> [Task statement]: The records that follow must be repeated exactly as they stand.

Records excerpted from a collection
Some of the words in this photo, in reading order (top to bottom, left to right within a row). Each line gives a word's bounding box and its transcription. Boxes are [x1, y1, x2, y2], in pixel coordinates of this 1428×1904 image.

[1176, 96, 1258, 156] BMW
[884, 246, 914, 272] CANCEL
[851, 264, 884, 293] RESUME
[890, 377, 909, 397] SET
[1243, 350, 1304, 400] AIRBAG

> [Problem solution]:
Some of the words in this photo, in reading order (top to bottom, left to right within a row). Each line gives a word's bounding box and its transcription. Boxes are [x1, y1, x2, y2], in pixel coordinates of this 1428×1904 image.

[1176, 96, 1258, 156] BMW
[884, 246, 914, 272] CANCEL
[851, 264, 884, 293] RESUME
[890, 377, 909, 397] SET
[1243, 350, 1304, 400] AIRBAG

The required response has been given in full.